### [To do]
Omit the images. Restate all of the records word for word.

- - -

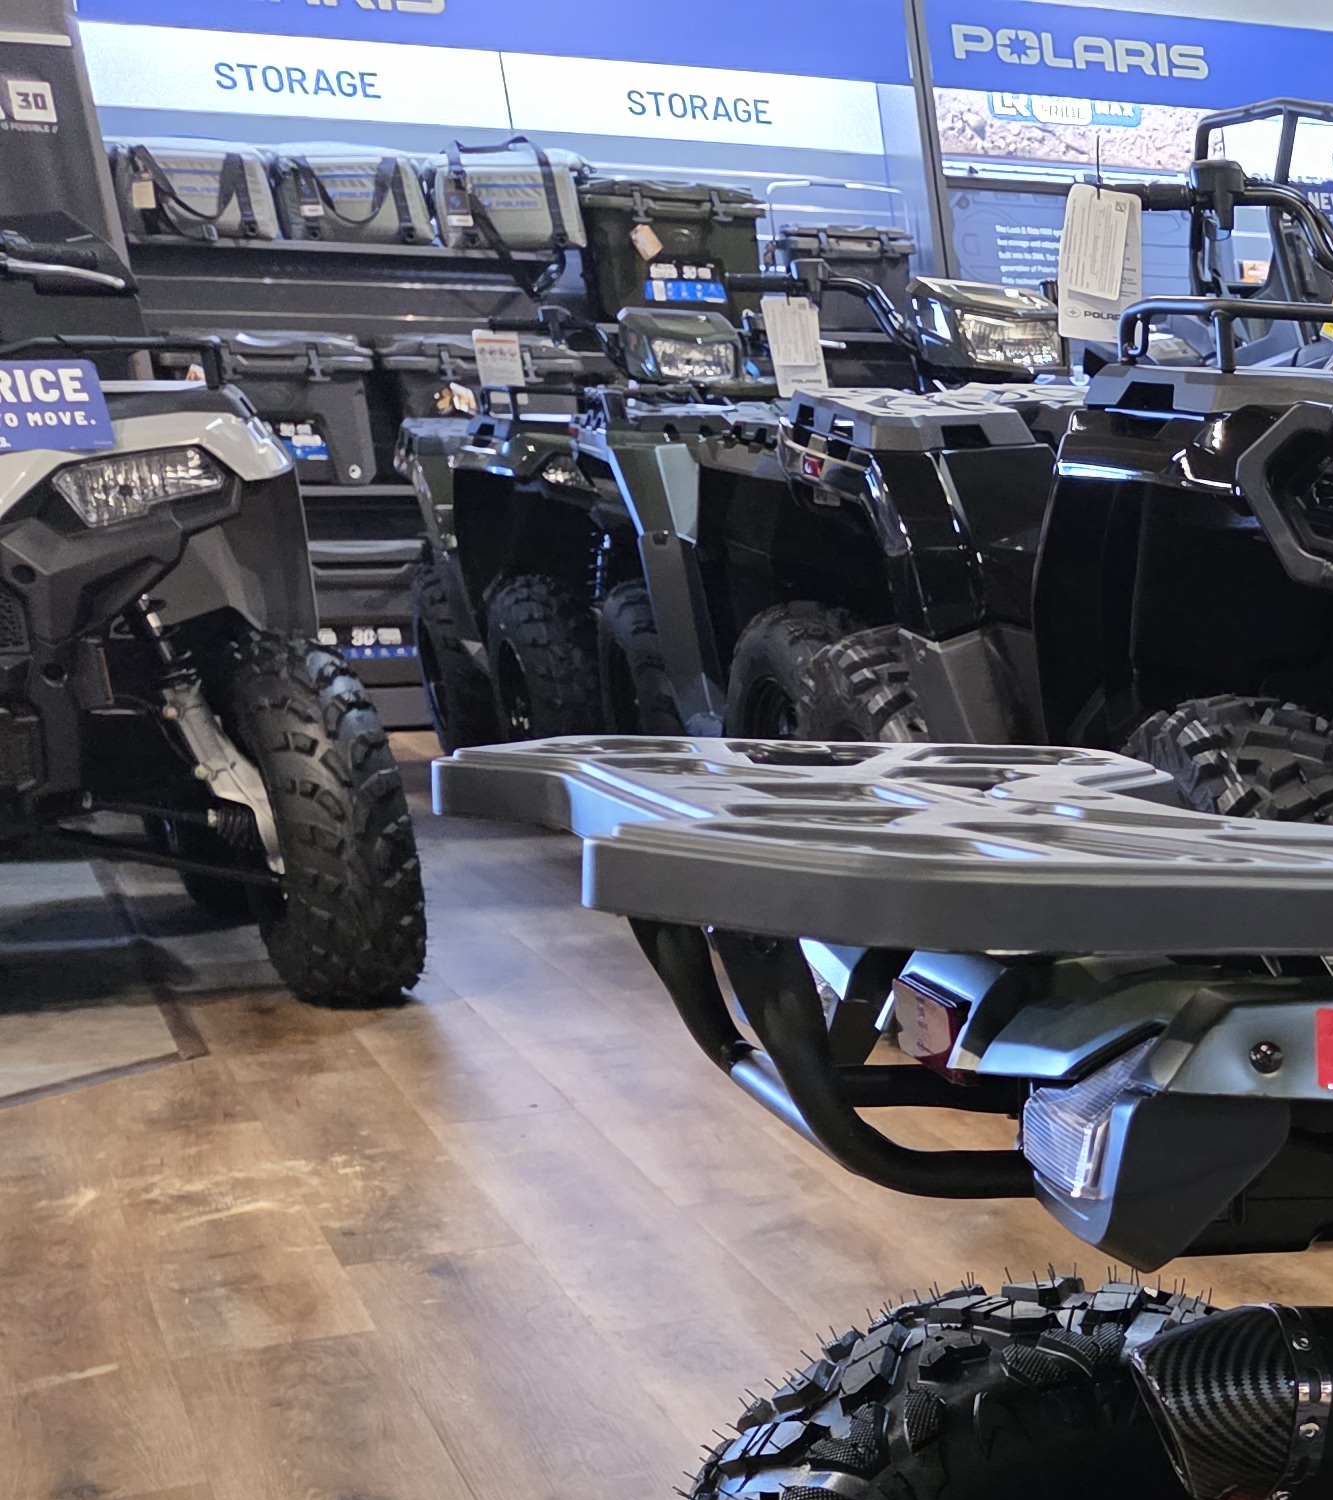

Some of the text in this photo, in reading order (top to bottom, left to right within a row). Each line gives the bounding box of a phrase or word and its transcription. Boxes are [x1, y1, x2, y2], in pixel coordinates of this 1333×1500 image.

[951, 23, 1209, 80] POLARIS
[213, 61, 382, 99] STORAGE
[15, 92, 48, 110] 30
[626, 90, 773, 125] STORAGE
[1083, 310, 1122, 320] POLAR
[26, 411, 97, 427] MOVE.
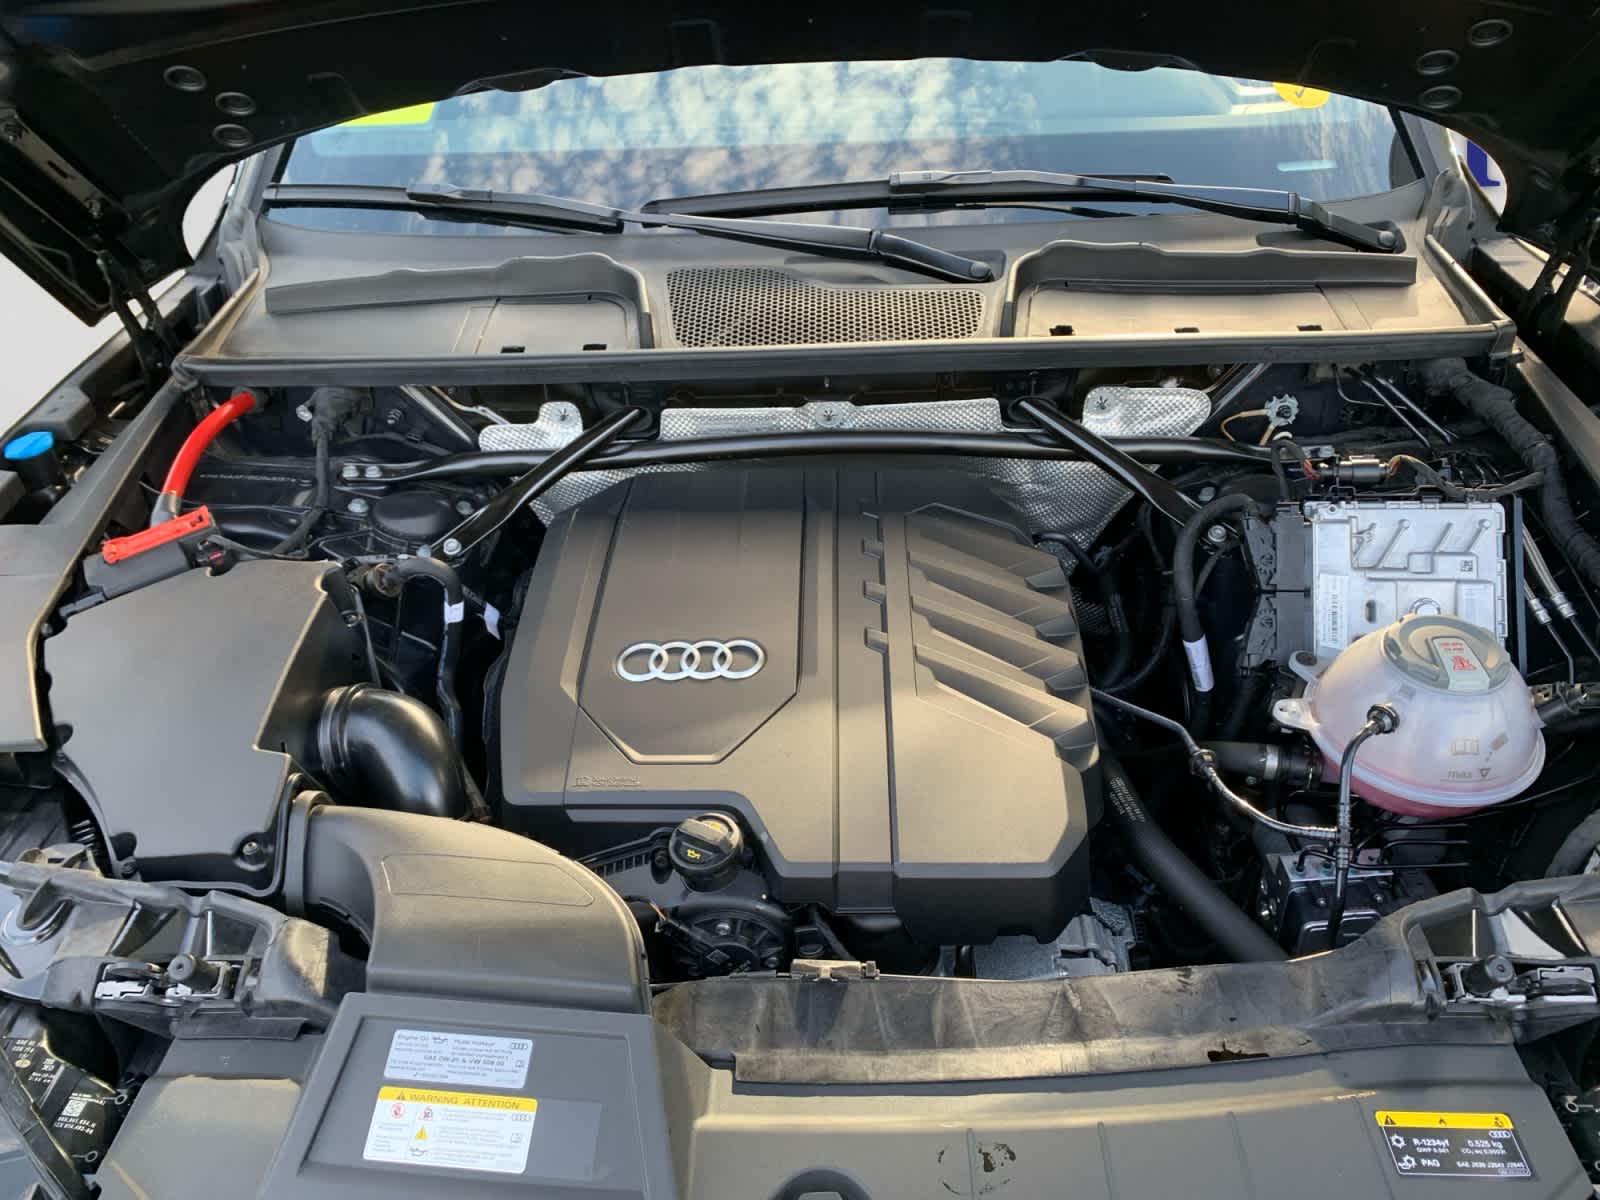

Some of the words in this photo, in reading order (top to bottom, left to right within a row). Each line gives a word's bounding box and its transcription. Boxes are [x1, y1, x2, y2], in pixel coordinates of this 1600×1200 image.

[408, 1093, 459, 1105] WARNING
[463, 1098, 521, 1110] ATTENTION
[1420, 1158, 1441, 1168] PAG

- - -

### [Output below]
Some of the text in this photo, in reading order (top to bottom, left to right within a row). Each line gives the bounding box of a phrase or word and its transcription. Boxes are [x1, y1, x2, y2], in pixel coordinates of this 1333×1500 image.

[951, 23, 1209, 80] POLARIS
[213, 61, 382, 99] STORAGE
[15, 92, 48, 110] 30
[626, 90, 773, 125] STORAGE
[1083, 310, 1122, 320] POLAR
[26, 411, 97, 427] MOVE.

Some of the words in this photo, in reading order (top to bottom, left to right within a row). Each line gives a word's bounding box and its transcription. Boxes are [x1, y1, x2, y2], in pixel coordinates of this 1600×1200 image.

[408, 1093, 459, 1105] WARNING
[463, 1098, 521, 1110] ATTENTION
[1420, 1158, 1441, 1168] PAG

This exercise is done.